Raw data: Begin
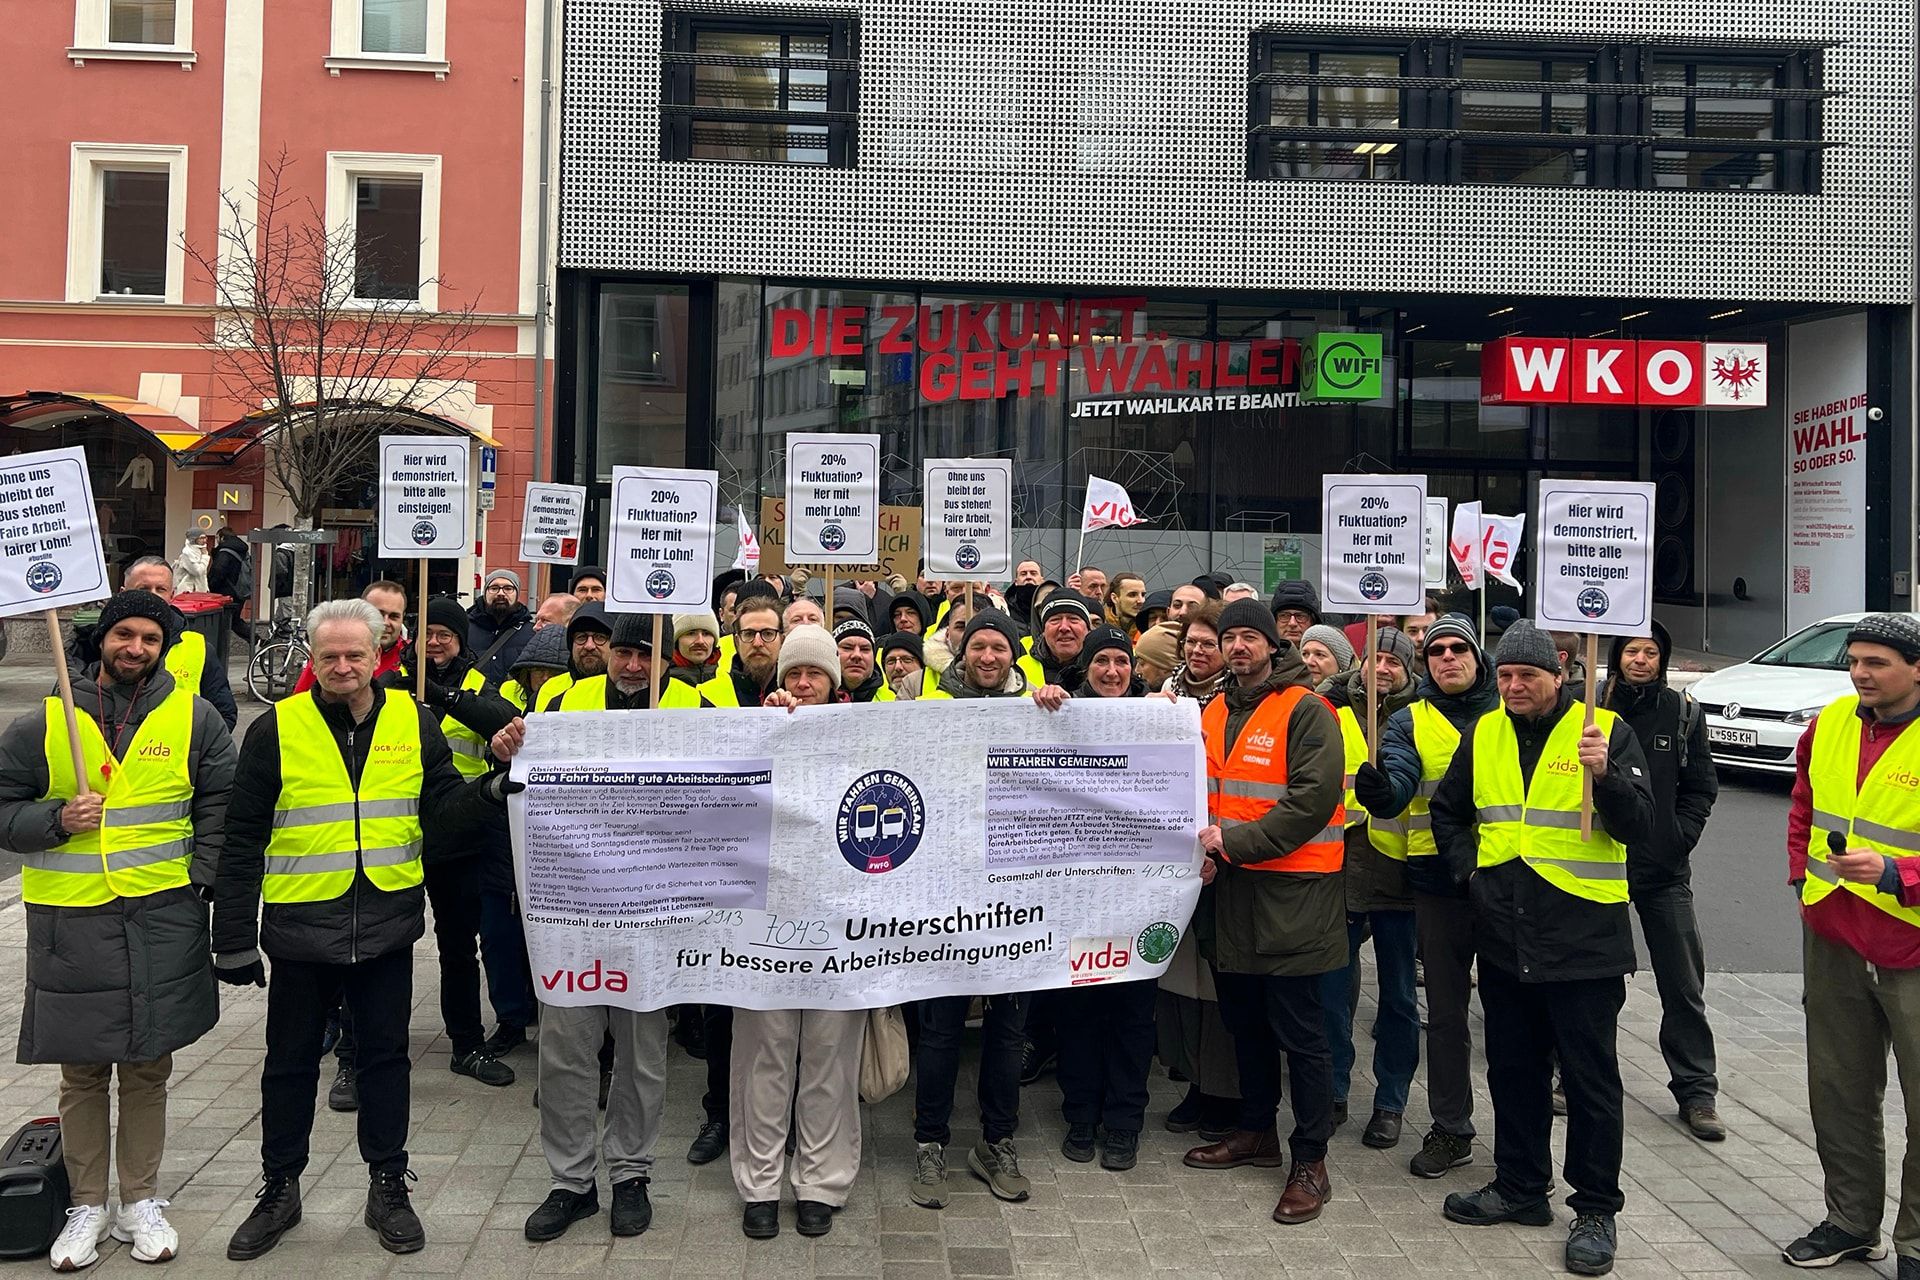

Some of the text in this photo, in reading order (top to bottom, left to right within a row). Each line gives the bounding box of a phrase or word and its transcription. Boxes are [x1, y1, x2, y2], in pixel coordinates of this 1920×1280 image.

[772, 296, 1147, 357] DIE ZUKUNFT
[1334, 358, 1380, 374] WIFI
[1510, 346, 1693, 396] WKO
[920, 349, 1067, 402] GEHT
[1070, 400, 1124, 418] JETZT
[1794, 393, 1868, 425] SIE HABEN DIE
[1794, 415, 1868, 456] WAHL.
[404, 454, 446, 466] Hier wird
[820, 454, 846, 466] 20%
[1794, 448, 1856, 474] SO ODER SO.
[28, 468, 50, 480] uns
[392, 470, 458, 482] demonstriert,
[801, 471, 862, 482] Fluktuation?
[948, 472, 986, 482] Ohne uns
[0, 486, 54, 504] bleibt der
[223, 490, 240, 505] N
[404, 486, 446, 498] bitte alle
[650, 490, 680, 504] 20%
[814, 488, 850, 500] Her mit
[947, 486, 986, 496] bleibt der
[541, 495, 570, 504] Hier wird
[944, 500, 992, 510] Bus stehen!
[1360, 497, 1390, 510] 20%
[0, 500, 66, 521] Bus stehen!
[398, 502, 451, 514] einsteigen!
[532, 504, 576, 516] demonstriert,
[805, 505, 860, 516] mehr Lohn!
[1568, 504, 1624, 519] Hier wird
[539, 516, 568, 526] bitte alle
[628, 508, 698, 524] Fluktuation?
[944, 514, 992, 524] Faire Arbeit,
[1338, 515, 1408, 528] Fluktuation?
[0, 518, 70, 540] Faire Arbeit,
[534, 526, 570, 536] einsteigen!
[641, 528, 682, 542] Her mit
[945, 527, 991, 538] fairer Lohn!
[1554, 524, 1638, 541] demonstriert,
[4, 535, 72, 557] fairer Lohn!
[1352, 533, 1393, 546] Her mit
[630, 547, 694, 562] mehr Lohn!
[1344, 552, 1405, 565] mehr Lohn!
[1568, 544, 1622, 559] bitte alle
[1560, 562, 1628, 580] einsteigen!
[1247, 728, 1275, 748] vida
[1721, 730, 1738, 742] 595
[1740, 732, 1752, 744] KH
[139, 739, 170, 756] vida
[392, 742, 412, 752] vida
[988, 756, 1127, 767] WIR FAHREN GEMEINSAM!
[1548, 756, 1578, 772] vida
[530, 771, 771, 786] Gute Fahrt braucht gute Arbeitsbedingungen!
[1887, 765, 1919, 786] vida
[660, 802, 699, 810] Deswegen
[838, 774, 922, 843] WIR FAHREN GEMEINSAM
[1017, 822, 1037, 830] allein
[1112, 822, 1166, 830] Streckennetzes
[1028, 814, 1062, 822] brauchen
[1104, 815, 1161, 823] Verkehrswende
[869, 862, 890, 870] #WFG
[1141, 864, 1191, 878] 4130
[988, 866, 1135, 883] Gesamtzahl der Unterschriften:
[526, 913, 694, 929] Gesamtzahl der Unterschriften:
[698, 910, 743, 926] 2913
[845, 900, 1044, 942] Unterschriften
[764, 913, 830, 944] 7043
[676, 932, 1054, 974] für bessere Arbeitsbedingungen!
[1070, 942, 1128, 972] vida
[541, 959, 628, 993] vida
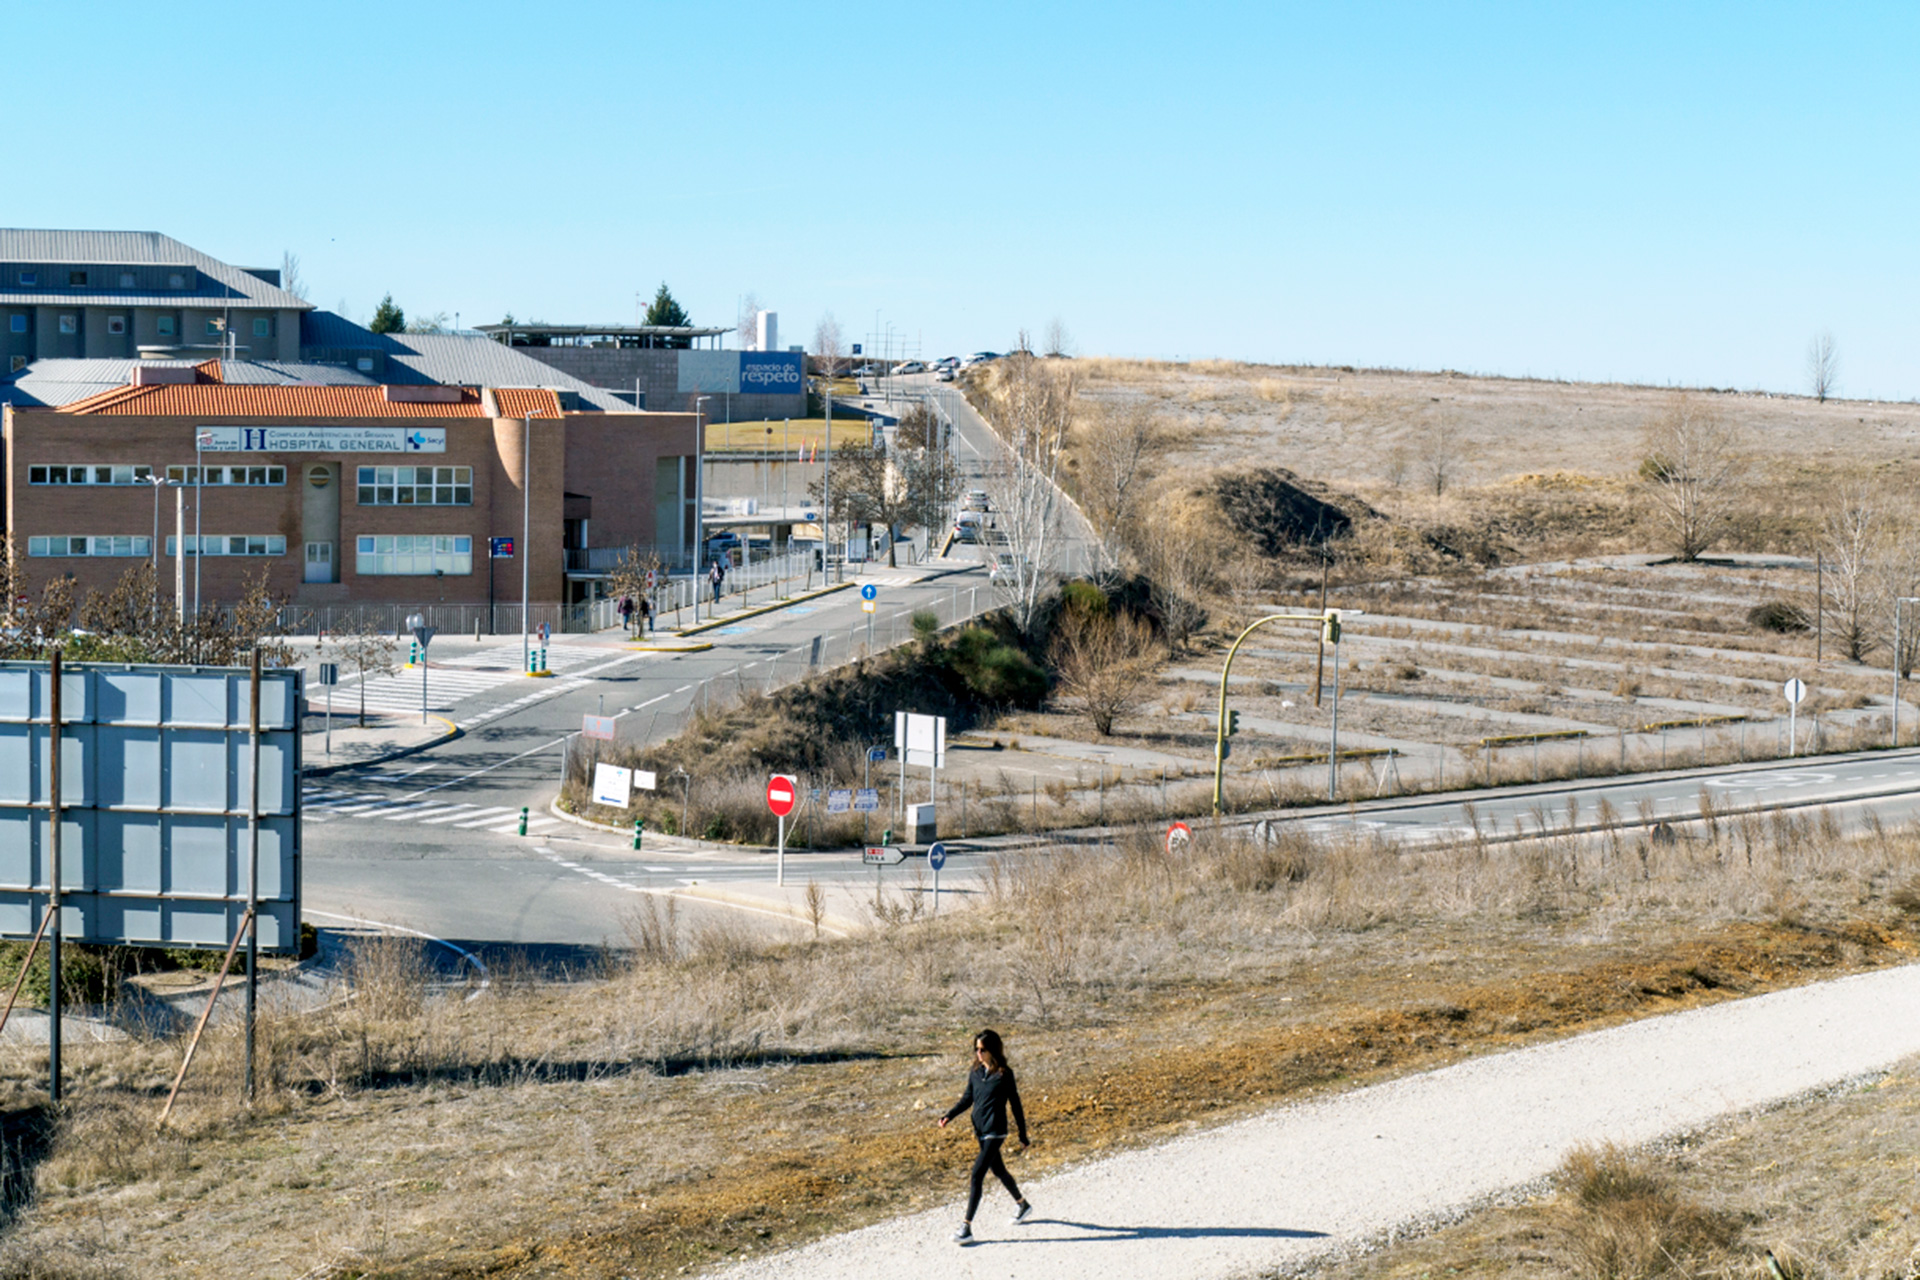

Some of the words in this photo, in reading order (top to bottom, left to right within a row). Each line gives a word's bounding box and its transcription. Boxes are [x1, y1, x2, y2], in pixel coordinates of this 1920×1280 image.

[746, 363, 781, 373] espacio
[783, 363, 796, 372] de
[742, 371, 799, 386] respeto
[244, 428, 267, 450] H
[269, 439, 334, 450] HOSPITAL
[339, 440, 400, 450] GENERAL
Raw data: End
_The task_
Give back every entry in its exact wording, leaving the pictures out.

_Written answer_
Some of the text in this photo, in reading order (top to bottom, left to right within a row). Each line gives the bounding box of a phrase or word and its transcription. Boxes are [x1, y1, x2, y2], in pixel coordinates of this 1920×1280 image.

[772, 296, 1147, 357] DIE ZUKUNFT
[1334, 358, 1380, 374] WIFI
[1510, 346, 1693, 396] WKO
[920, 349, 1067, 402] GEHT
[1070, 400, 1124, 418] JETZT
[1794, 393, 1868, 425] SIE HABEN DIE
[1794, 415, 1868, 456] WAHL.
[404, 454, 446, 466] Hier wird
[820, 454, 846, 466] 20%
[1794, 448, 1856, 474] SO ODER SO.
[28, 468, 50, 480] uns
[392, 470, 458, 482] demonstriert,
[801, 471, 862, 482] Fluktuation?
[948, 472, 986, 482] Ohne uns
[0, 486, 54, 504] bleibt der
[223, 490, 240, 505] N
[404, 486, 446, 498] bitte alle
[650, 490, 680, 504] 20%
[814, 488, 850, 500] Her mit
[947, 486, 986, 496] bleibt der
[541, 495, 570, 504] Hier wird
[944, 500, 992, 510] Bus stehen!
[1360, 497, 1390, 510] 20%
[0, 500, 66, 521] Bus stehen!
[398, 502, 451, 514] einsteigen!
[532, 504, 576, 516] demonstriert,
[805, 505, 860, 516] mehr Lohn!
[1568, 504, 1624, 519] Hier wird
[539, 516, 568, 526] bitte alle
[628, 508, 698, 524] Fluktuation?
[944, 514, 992, 524] Faire Arbeit,
[1338, 515, 1408, 528] Fluktuation?
[0, 518, 70, 540] Faire Arbeit,
[534, 526, 570, 536] einsteigen!
[641, 528, 682, 542] Her mit
[945, 527, 991, 538] fairer Lohn!
[1554, 524, 1638, 541] demonstriert,
[4, 535, 72, 557] fairer Lohn!
[1352, 533, 1393, 546] Her mit
[630, 547, 694, 562] mehr Lohn!
[1344, 552, 1405, 565] mehr Lohn!
[1568, 544, 1622, 559] bitte alle
[1560, 562, 1628, 580] einsteigen!
[1247, 728, 1275, 748] vida
[1721, 730, 1738, 742] 595
[1740, 732, 1752, 744] KH
[139, 739, 170, 756] vida
[392, 742, 412, 752] vida
[988, 756, 1127, 767] WIR FAHREN GEMEINSAM!
[1548, 756, 1578, 772] vida
[530, 771, 771, 786] Gute Fahrt braucht gute Arbeitsbedingungen!
[1887, 765, 1919, 786] vida
[660, 802, 699, 810] Deswegen
[838, 774, 922, 843] WIR FAHREN GEMEINSAM
[1017, 822, 1037, 830] allein
[1112, 822, 1166, 830] Streckennetzes
[1028, 814, 1062, 822] brauchen
[1104, 815, 1161, 823] Verkehrswende
[869, 862, 890, 870] #WFG
[1141, 864, 1191, 878] 4130
[988, 866, 1135, 883] Gesamtzahl der Unterschriften:
[526, 913, 694, 929] Gesamtzahl der Unterschriften:
[698, 910, 743, 926] 2913
[845, 900, 1044, 942] Unterschriften
[764, 913, 830, 944] 7043
[676, 932, 1054, 974] für bessere Arbeitsbedingungen!
[1070, 942, 1128, 972] vida
[541, 959, 628, 993] vida

Some of the words in this photo, in reading order (top to bottom, left to right within a row). Each line gives a word's bounding box and its transcription. Boxes are [x1, y1, x2, y2], in pixel coordinates of this 1920×1280 image.

[746, 363, 781, 373] espacio
[783, 363, 796, 372] de
[742, 371, 799, 386] respeto
[244, 428, 267, 450] H
[269, 439, 334, 450] HOSPITAL
[339, 440, 400, 450] GENERAL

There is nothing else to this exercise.